A country with a history of corruption and bribery has made great efforts via education and prosecution to conduct government business in an open and fair way. The country has made considerable progress. As part of its reform, the country overhauled its visa procedures for foreigners wanting to live in the country. In the previous corrupt environment, people with money would secretly pay off a government employee to have their visa application approved quickly, while other visa applications took much longer. Now the government has made the application procedure transparent and established a new procedure in law. The new procedure offers two visa tracks, the "Regular Track", which does not require any payment, and the "Premium Track", which requires a US $10,000 payment. The Regular Track takes just as long to process a visa application as an application without a bribe took before the reforms. The Premium Track moves along just as quickly as a visa application with a bribe took before the reforms. Most people wanting to immigrate to the country cannot afford the Premium Track.

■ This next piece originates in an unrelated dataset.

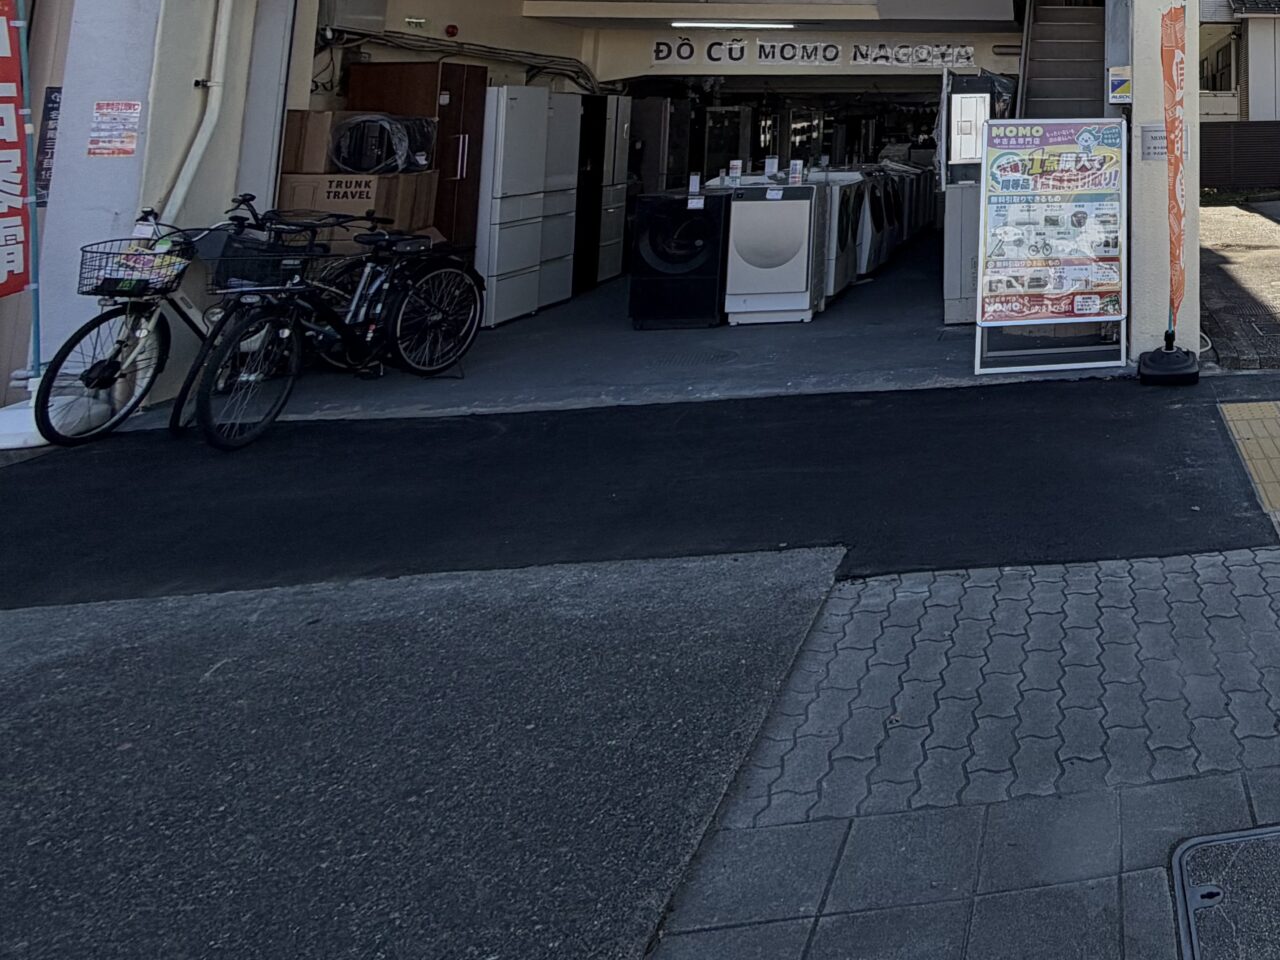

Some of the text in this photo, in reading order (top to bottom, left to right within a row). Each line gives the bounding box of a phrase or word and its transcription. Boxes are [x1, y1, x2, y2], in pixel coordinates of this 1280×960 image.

What are the issues of integrity, ethics and law posed in the case study? What options does the country have, and what should it do and why?

Lecturer Guidelines

Some of the questions raised by this case study include how the issue first arose, what stakeholders are involved and what power they have or don't have; whether the current arrangement is ethical; how the integrity and ethics of countries are similar and different from those of people, and whether the country is acting or should act with integrity; whether the current arrangement legalizes an essentially unfair arrangement, and if so, how that affects people's view of the law.

 

Case study 6

An international soft drink company has a signature soft drink that it sells all over the world. In India, the version of the soft drink complies with Indian food and health regulations, but is less healthy than the drink sold in the European market where the law is stricter. The soft drink company is obeying the law in India, but it is selling an inferior, less healthy product in a developing country.

What are the issues of integrity, ethics and law posed in the case study? What options does the soft drink company and the government of India have, and what should they do and why?

Lecturer Guidelines

Some of the questions raised by this case study include how the issue first arose, including globalization, and why the company and the country would benefit and not benefit from the current position; whether the company and country are acting ethically, with integrity, and consistent with law; the role that consumers in India and elsewhere play in this case study; and the different approaches the company could take to health standards, e.g. establishing its own standard to meet even if that standard exceeds what is required in a particular country.